From 2016 through 2018, a jilted Russia conducted various activity against anti-doping related organisations and the Olympics themselves following bans for doping in sport. To that end, it\’s important for us to consider the wide range of effects that Russia may seek to achieve following the most recent sporting ban from WADA – Russian actors have a history of undertaking cyber assaults following previous bans, targeting a whole range of organisations.
In 2016, following WADA\’s recommendation that Russian athletes be banned from the summer games in Rio, GRU-associated Fancy Bear actors registered domains spoofing the World Anti-Doping Agency (WADA) and the Court of Arbitration for Sport (CAS), and then attempted an active measures campaign using the Fancy Bears HT cut out. In 2017 and 2018 following the IOC ban of Russian athletes, we saw possible Fancy Bear domains registered spoofing regional anti-doping agencies and the supplier of a testing kit.
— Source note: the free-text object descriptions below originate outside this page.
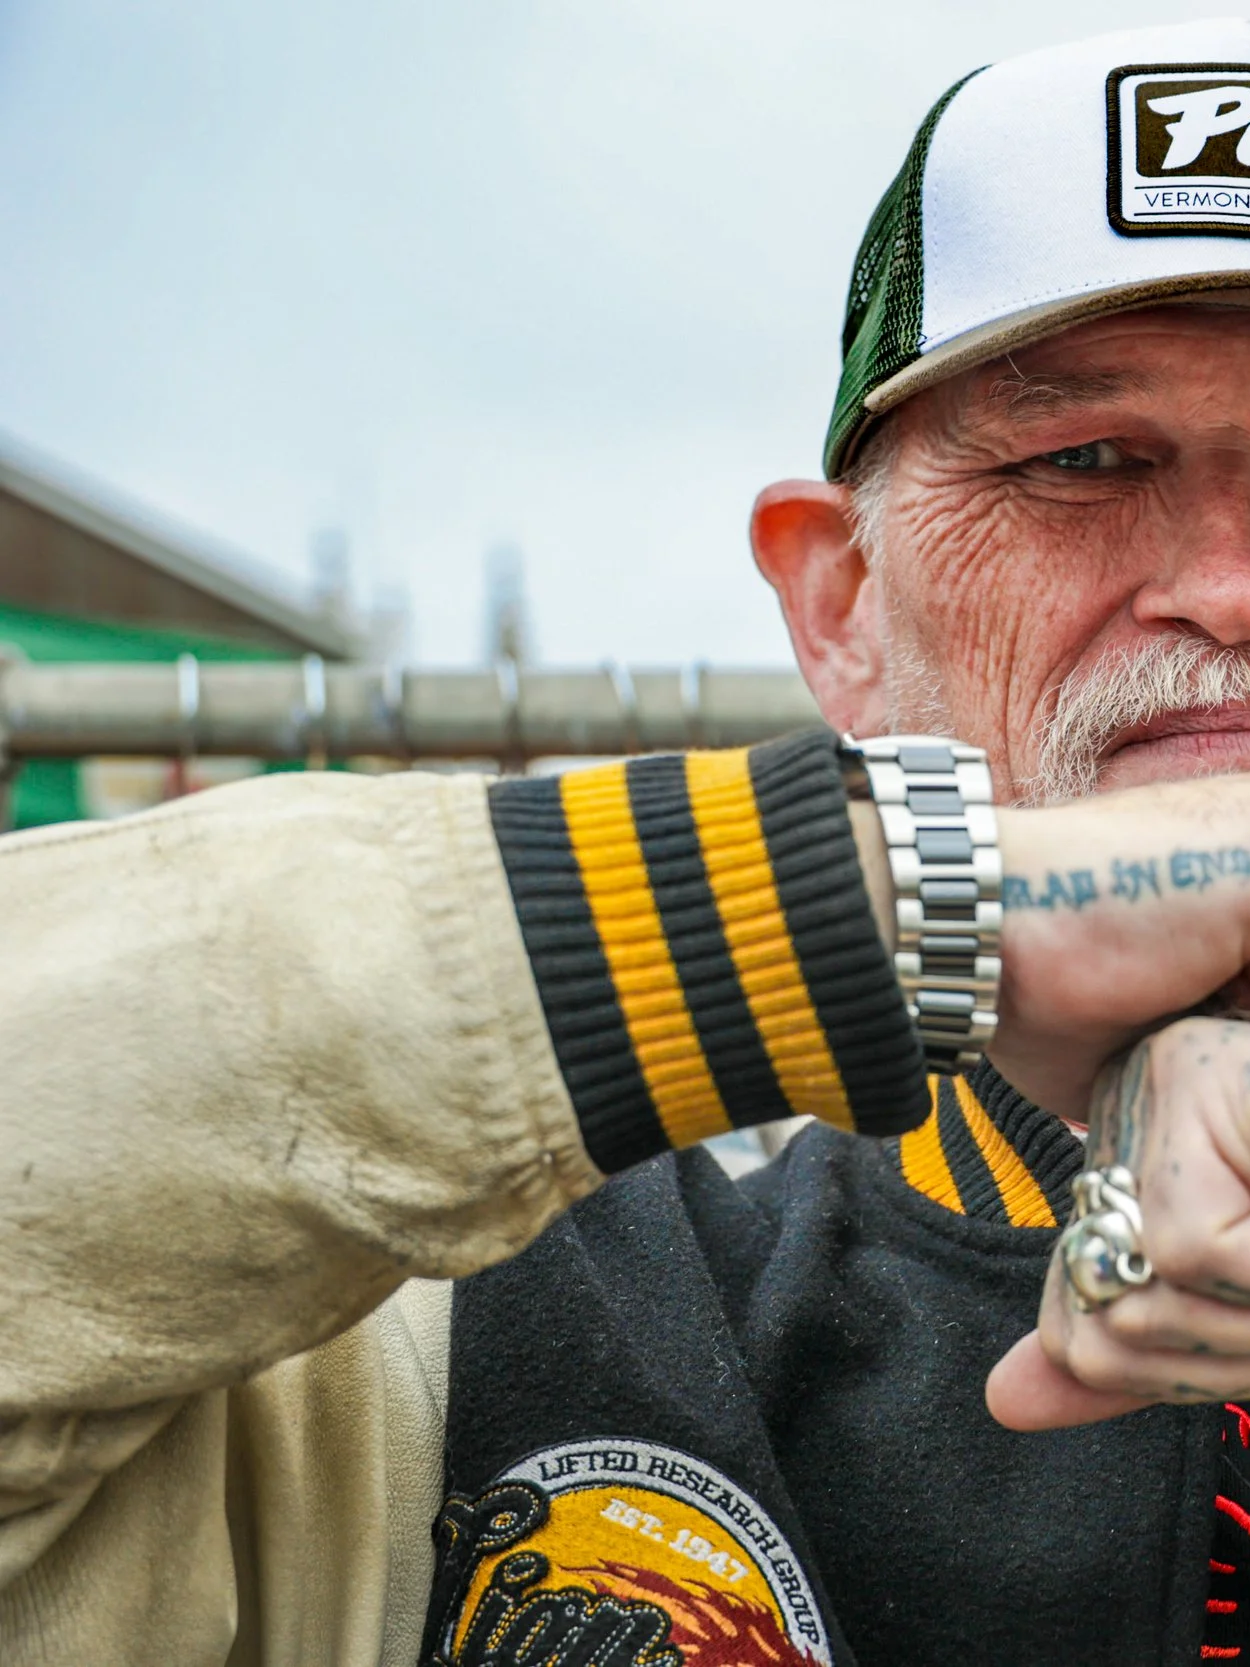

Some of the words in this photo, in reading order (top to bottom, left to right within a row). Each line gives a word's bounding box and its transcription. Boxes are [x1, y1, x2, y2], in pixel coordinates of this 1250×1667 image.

[1110, 856, 1164, 905] IN
[538, 1450, 638, 1482] LIFTED
[646, 1456, 781, 1563] RESEARCH
[771, 1557, 821, 1645] GROUP
[600, 1498, 665, 1543] EST.
[669, 1528, 750, 1585] 1947
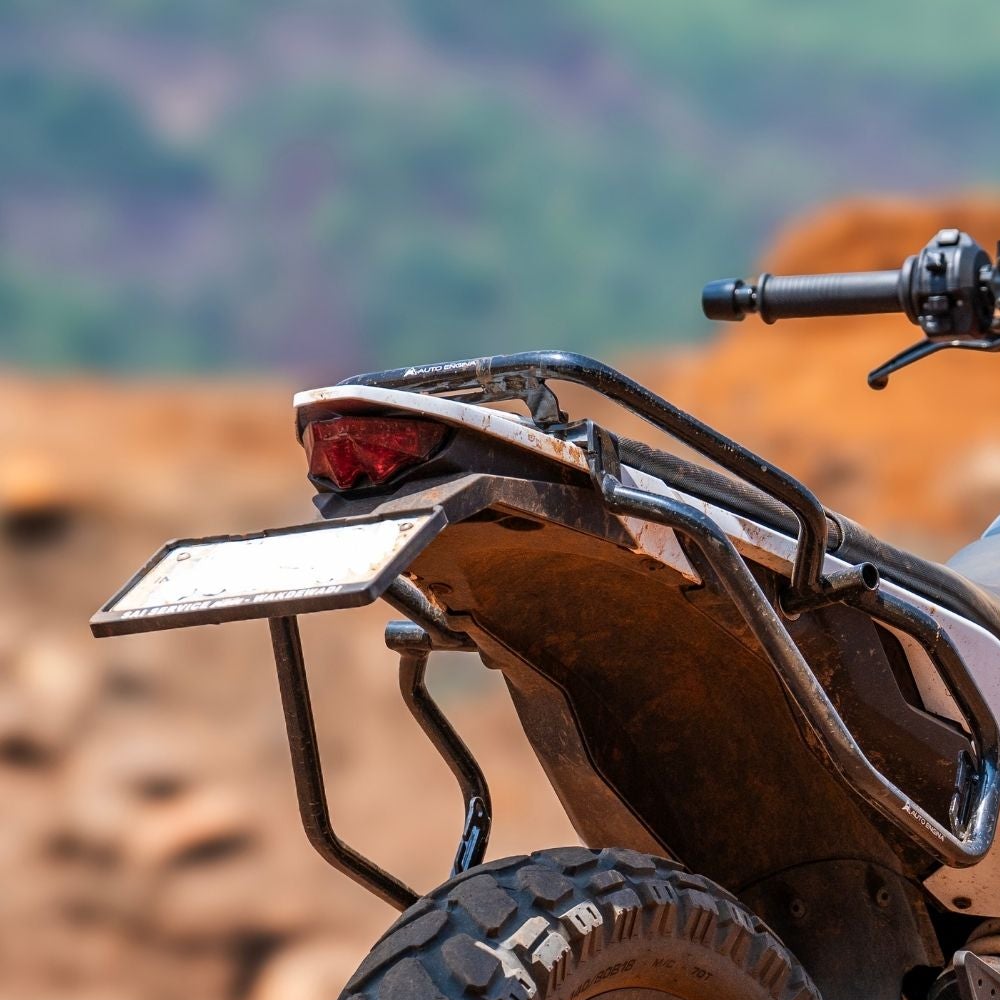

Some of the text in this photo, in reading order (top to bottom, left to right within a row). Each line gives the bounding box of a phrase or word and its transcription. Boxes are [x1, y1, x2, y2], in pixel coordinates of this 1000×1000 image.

[417, 361, 476, 374] AUTO ENGINA
[120, 609, 146, 619] SAI
[147, 602, 209, 616] SERVICE
[253, 585, 342, 602] WAKDEWADI
[910, 811, 925, 825] AUTO
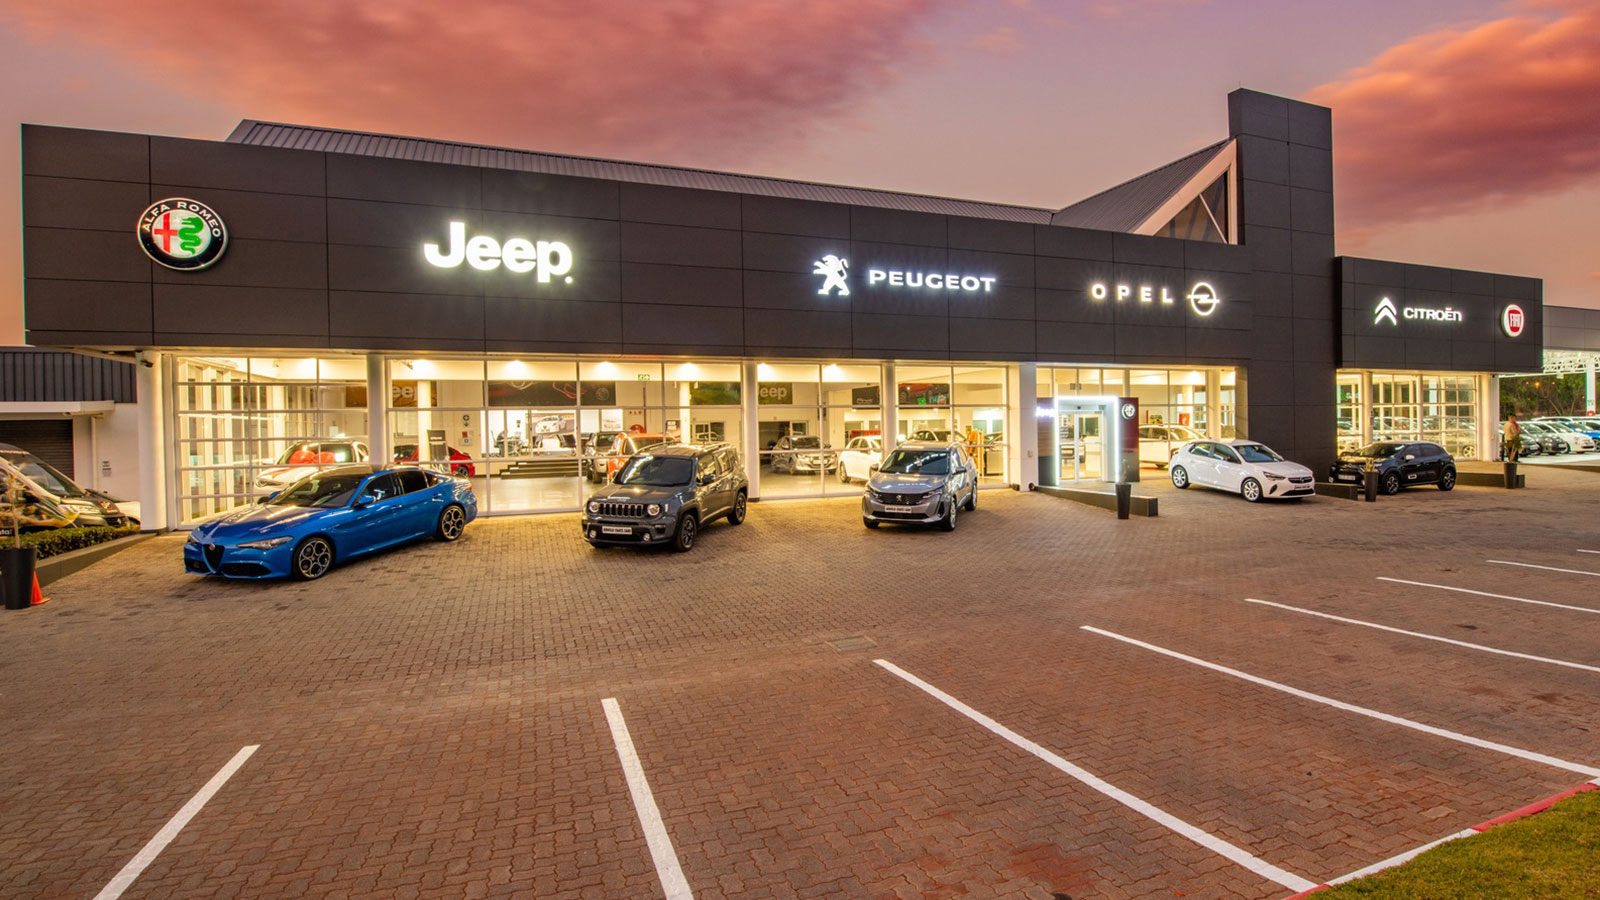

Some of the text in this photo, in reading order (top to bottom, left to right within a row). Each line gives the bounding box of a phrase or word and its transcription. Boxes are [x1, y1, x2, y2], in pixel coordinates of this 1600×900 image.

[141, 201, 221, 237] ALFA ROMEO
[423, 221, 573, 284] Jeep
[868, 268, 997, 293] PEUGEOT
[1091, 282, 1174, 305] OPEL
[1510, 313, 1522, 328] FIAT
During the Olympics in 2018, another GRU affiliated threat group, Sandworm, sought to disrupt the winter games in South Korea in the Olympic Destroyer attack.
Now that Russia has been banned once more, WADA and the competitions Russia has been banned from, such as the FIFA World Cup, need to remain vigilant. In the run up to Russia\’s probable appeal of the ban, the likes of IOC, FIFA, WADA, CAS and other organisations working closely with the 2020 Olympics and the 2022 World Cup, as well as groups safeguarding athletes’ personal information, need to remain cognizant of the range of these attacks and attempt to proactively address them.